═══ Listed records ═══
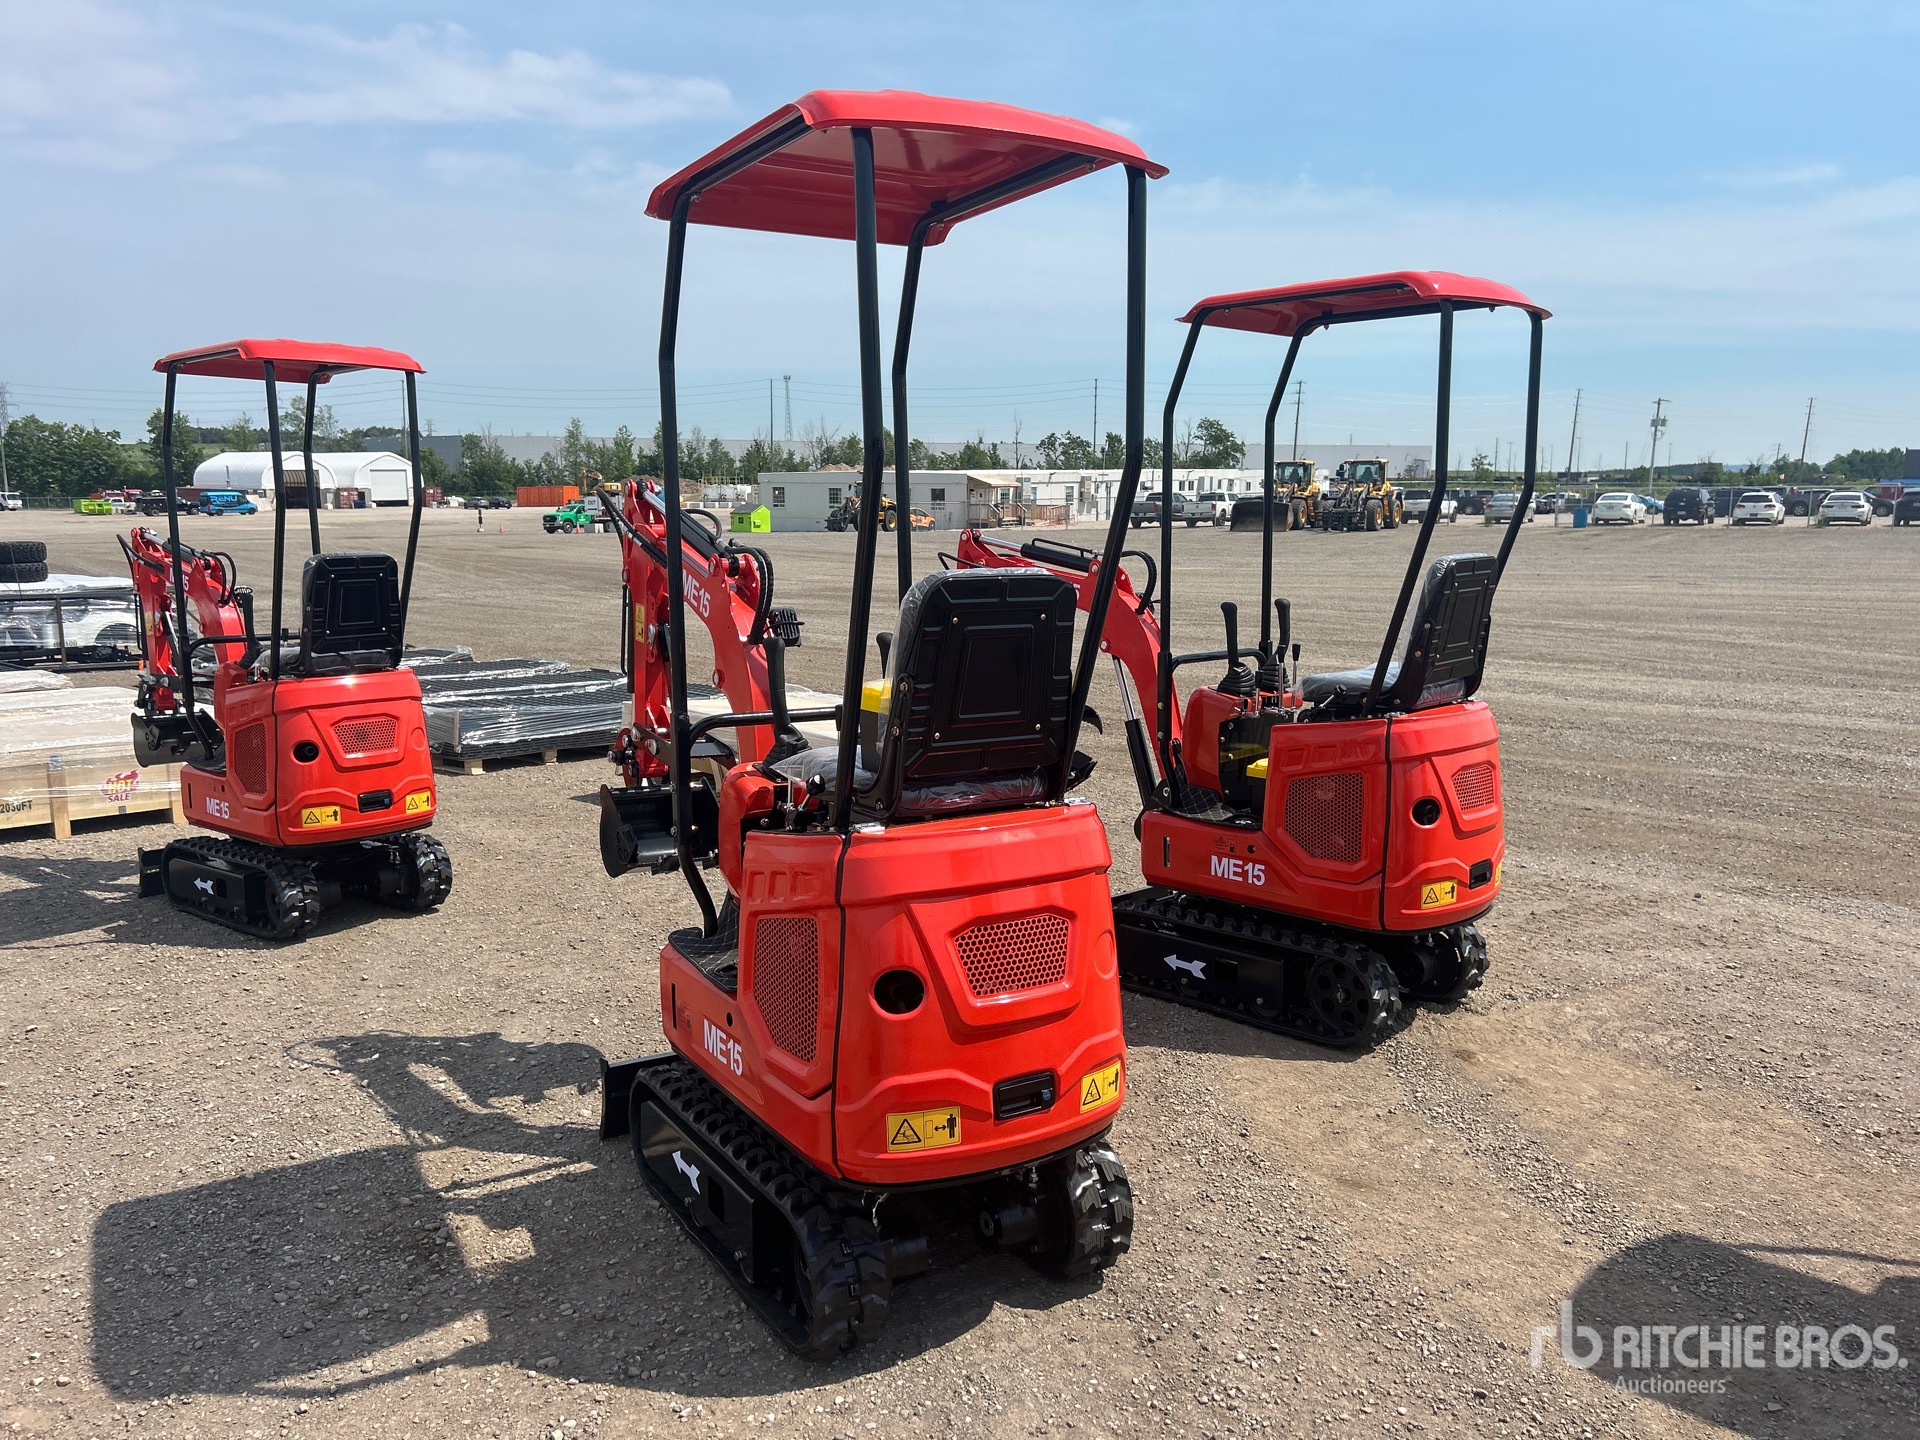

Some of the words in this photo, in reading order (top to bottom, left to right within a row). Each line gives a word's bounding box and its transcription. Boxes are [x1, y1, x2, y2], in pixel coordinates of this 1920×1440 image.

[683, 569, 711, 618] ME15
[108, 793, 130, 803] SALE
[206, 796, 230, 819] ME15
[1211, 855, 1266, 886] ME15
[703, 1018, 743, 1076] ME15
═══
=== Work to complete ===
Leaving out the pictures, print every record exactly as written.

=== Answer box ===
Some of the words in this photo, in reading order (top to bottom, left to right within a row). Each line gives a word's bounding box and its transcription. Boxes are [x1, y1, x2, y2], in pixel coordinates of this 1920×1440 image.

[683, 569, 711, 618] ME15
[108, 793, 130, 803] SALE
[206, 796, 230, 819] ME15
[1211, 855, 1266, 886] ME15
[703, 1018, 743, 1076] ME15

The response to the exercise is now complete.